BEGIN DATA

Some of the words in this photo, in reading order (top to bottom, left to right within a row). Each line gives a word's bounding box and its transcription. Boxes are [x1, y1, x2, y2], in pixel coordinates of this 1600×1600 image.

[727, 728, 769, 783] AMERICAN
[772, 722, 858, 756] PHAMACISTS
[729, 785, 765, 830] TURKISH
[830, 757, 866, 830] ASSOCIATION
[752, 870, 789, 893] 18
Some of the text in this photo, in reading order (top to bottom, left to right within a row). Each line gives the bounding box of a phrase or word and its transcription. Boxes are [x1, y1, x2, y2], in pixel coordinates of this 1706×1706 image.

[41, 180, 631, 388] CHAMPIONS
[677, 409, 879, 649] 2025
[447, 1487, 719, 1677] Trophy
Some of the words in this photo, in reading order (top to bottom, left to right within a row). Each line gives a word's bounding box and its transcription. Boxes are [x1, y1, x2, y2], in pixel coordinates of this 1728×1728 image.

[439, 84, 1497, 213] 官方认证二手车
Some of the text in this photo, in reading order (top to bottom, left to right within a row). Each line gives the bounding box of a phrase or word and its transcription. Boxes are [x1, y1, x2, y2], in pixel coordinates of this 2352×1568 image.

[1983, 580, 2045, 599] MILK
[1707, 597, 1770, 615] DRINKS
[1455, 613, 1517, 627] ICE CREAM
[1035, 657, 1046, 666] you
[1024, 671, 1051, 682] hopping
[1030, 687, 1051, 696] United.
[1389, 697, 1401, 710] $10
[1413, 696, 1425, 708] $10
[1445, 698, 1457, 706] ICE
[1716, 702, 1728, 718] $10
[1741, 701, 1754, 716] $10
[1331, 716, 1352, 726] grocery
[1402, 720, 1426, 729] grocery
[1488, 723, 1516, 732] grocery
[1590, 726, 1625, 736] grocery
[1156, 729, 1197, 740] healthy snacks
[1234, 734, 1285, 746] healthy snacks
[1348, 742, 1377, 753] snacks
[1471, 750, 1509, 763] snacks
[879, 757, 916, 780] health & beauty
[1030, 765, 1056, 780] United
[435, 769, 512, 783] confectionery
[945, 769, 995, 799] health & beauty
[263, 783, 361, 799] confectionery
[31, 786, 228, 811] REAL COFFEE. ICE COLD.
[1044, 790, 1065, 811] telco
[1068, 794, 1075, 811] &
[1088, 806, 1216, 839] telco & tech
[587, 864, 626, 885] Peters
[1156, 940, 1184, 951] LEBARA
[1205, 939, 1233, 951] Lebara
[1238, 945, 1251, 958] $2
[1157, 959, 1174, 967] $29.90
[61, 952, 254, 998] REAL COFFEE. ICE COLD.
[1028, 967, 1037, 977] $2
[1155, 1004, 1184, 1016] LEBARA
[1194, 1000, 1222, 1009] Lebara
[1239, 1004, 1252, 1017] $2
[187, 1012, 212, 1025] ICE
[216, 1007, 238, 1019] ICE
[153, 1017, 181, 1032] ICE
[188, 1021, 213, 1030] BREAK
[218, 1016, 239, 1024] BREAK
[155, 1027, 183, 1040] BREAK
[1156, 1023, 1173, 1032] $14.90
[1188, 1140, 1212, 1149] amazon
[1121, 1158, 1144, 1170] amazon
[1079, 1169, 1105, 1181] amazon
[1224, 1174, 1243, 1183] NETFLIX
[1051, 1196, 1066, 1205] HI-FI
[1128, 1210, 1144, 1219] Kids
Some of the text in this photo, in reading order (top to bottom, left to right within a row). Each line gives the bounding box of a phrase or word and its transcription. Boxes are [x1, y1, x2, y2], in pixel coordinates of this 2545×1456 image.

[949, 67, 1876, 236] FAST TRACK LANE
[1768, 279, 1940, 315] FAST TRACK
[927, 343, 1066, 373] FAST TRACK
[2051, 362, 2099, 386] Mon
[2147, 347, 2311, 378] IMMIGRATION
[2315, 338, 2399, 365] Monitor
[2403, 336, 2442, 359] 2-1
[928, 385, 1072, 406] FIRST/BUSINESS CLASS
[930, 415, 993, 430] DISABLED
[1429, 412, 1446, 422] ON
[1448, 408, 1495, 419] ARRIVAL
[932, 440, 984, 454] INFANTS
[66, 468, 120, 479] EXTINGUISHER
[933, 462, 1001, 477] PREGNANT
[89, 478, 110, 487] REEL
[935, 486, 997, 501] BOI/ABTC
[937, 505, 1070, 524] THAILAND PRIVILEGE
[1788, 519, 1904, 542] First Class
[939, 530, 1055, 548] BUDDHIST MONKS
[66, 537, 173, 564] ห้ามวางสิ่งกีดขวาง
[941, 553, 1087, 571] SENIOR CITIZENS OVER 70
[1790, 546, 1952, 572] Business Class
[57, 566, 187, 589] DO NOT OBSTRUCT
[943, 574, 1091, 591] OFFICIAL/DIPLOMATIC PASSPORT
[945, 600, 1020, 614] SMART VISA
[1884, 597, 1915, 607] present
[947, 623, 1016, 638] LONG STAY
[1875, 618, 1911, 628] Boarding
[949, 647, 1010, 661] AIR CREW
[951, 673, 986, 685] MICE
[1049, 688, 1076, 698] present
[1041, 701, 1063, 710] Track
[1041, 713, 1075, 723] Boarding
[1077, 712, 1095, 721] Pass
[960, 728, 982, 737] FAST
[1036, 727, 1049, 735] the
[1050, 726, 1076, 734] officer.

END DATA

## TASK INSTRUCTIONS
Reproduce every record that appears above, keeping the wording exact.

## EXERCISE SOLUTION
Some of the words in this photo, in reading order (top to bottom, left to right within a row). Each line gives a word's bounding box and its transcription. Boxes are [x1, y1, x2, y2], in pixel coordinates of this 1600×1600 image.

[727, 728, 769, 783] AMERICAN
[772, 722, 858, 756] PHAMACISTS
[729, 785, 765, 830] TURKISH
[830, 757, 866, 830] ASSOCIATION
[752, 870, 789, 893] 18
Some of the text in this photo, in reading order (top to bottom, left to right within a row). Each line gives the bounding box of a phrase or word and its transcription. Boxes are [x1, y1, x2, y2], in pixel coordinates of this 1706×1706 image.

[41, 180, 631, 388] CHAMPIONS
[677, 409, 879, 649] 2025
[447, 1487, 719, 1677] Trophy
Some of the words in this photo, in reading order (top to bottom, left to right within a row). Each line gives a word's bounding box and its transcription. Boxes are [x1, y1, x2, y2], in pixel coordinates of this 1728×1728 image.

[439, 84, 1497, 213] 官方认证二手车
Some of the text in this photo, in reading order (top to bottom, left to right within a row). Each line gives the bounding box of a phrase or word and its transcription. Boxes are [x1, y1, x2, y2], in pixel coordinates of this 2352×1568 image.

[1983, 580, 2045, 599] MILK
[1707, 597, 1770, 615] DRINKS
[1455, 613, 1517, 627] ICE CREAM
[1035, 657, 1046, 666] you
[1024, 671, 1051, 682] hopping
[1030, 687, 1051, 696] United.
[1389, 697, 1401, 710] $10
[1413, 696, 1425, 708] $10
[1445, 698, 1457, 706] ICE
[1716, 702, 1728, 718] $10
[1741, 701, 1754, 716] $10
[1331, 716, 1352, 726] grocery
[1402, 720, 1426, 729] grocery
[1488, 723, 1516, 732] grocery
[1590, 726, 1625, 736] grocery
[1156, 729, 1197, 740] healthy snacks
[1234, 734, 1285, 746] healthy snacks
[1348, 742, 1377, 753] snacks
[1471, 750, 1509, 763] snacks
[879, 757, 916, 780] health & beauty
[1030, 765, 1056, 780] United
[435, 769, 512, 783] confectionery
[945, 769, 995, 799] health & beauty
[263, 783, 361, 799] confectionery
[31, 786, 228, 811] REAL COFFEE. ICE COLD.
[1044, 790, 1065, 811] telco
[1068, 794, 1075, 811] &
[1088, 806, 1216, 839] telco & tech
[587, 864, 626, 885] Peters
[1156, 940, 1184, 951] LEBARA
[1205, 939, 1233, 951] Lebara
[1238, 945, 1251, 958] $2
[1157, 959, 1174, 967] $29.90
[61, 952, 254, 998] REAL COFFEE. ICE COLD.
[1028, 967, 1037, 977] $2
[1155, 1004, 1184, 1016] LEBARA
[1194, 1000, 1222, 1009] Lebara
[1239, 1004, 1252, 1017] $2
[187, 1012, 212, 1025] ICE
[216, 1007, 238, 1019] ICE
[153, 1017, 181, 1032] ICE
[188, 1021, 213, 1030] BREAK
[218, 1016, 239, 1024] BREAK
[155, 1027, 183, 1040] BREAK
[1156, 1023, 1173, 1032] $14.90
[1188, 1140, 1212, 1149] amazon
[1121, 1158, 1144, 1170] amazon
[1079, 1169, 1105, 1181] amazon
[1224, 1174, 1243, 1183] NETFLIX
[1051, 1196, 1066, 1205] HI-FI
[1128, 1210, 1144, 1219] Kids
Some of the text in this photo, in reading order (top to bottom, left to right within a row). Each line gives the bounding box of a phrase or word and its transcription. Boxes are [x1, y1, x2, y2], in pixel coordinates of this 2545×1456 image.

[949, 67, 1876, 236] FAST TRACK LANE
[1768, 279, 1940, 315] FAST TRACK
[927, 343, 1066, 373] FAST TRACK
[2051, 362, 2099, 386] Mon
[2147, 347, 2311, 378] IMMIGRATION
[2315, 338, 2399, 365] Monitor
[2403, 336, 2442, 359] 2-1
[928, 385, 1072, 406] FIRST/BUSINESS CLASS
[930, 415, 993, 430] DISABLED
[1429, 412, 1446, 422] ON
[1448, 408, 1495, 419] ARRIVAL
[932, 440, 984, 454] INFANTS
[66, 468, 120, 479] EXTINGUISHER
[933, 462, 1001, 477] PREGNANT
[89, 478, 110, 487] REEL
[935, 486, 997, 501] BOI/ABTC
[937, 505, 1070, 524] THAILAND PRIVILEGE
[1788, 519, 1904, 542] First Class
[939, 530, 1055, 548] BUDDHIST MONKS
[66, 537, 173, 564] ห้ามวางสิ่งกีดขวาง
[941, 553, 1087, 571] SENIOR CITIZENS OVER 70
[1790, 546, 1952, 572] Business Class
[57, 566, 187, 589] DO NOT OBSTRUCT
[943, 574, 1091, 591] OFFICIAL/DIPLOMATIC PASSPORT
[945, 600, 1020, 614] SMART VISA
[1884, 597, 1915, 607] present
[947, 623, 1016, 638] LONG STAY
[1875, 618, 1911, 628] Boarding
[949, 647, 1010, 661] AIR CREW
[951, 673, 986, 685] MICE
[1049, 688, 1076, 698] present
[1041, 701, 1063, 710] Track
[1041, 713, 1075, 723] Boarding
[1077, 712, 1095, 721] Pass
[960, 728, 982, 737] FAST
[1036, 727, 1049, 735] the
[1050, 726, 1076, 734] officer.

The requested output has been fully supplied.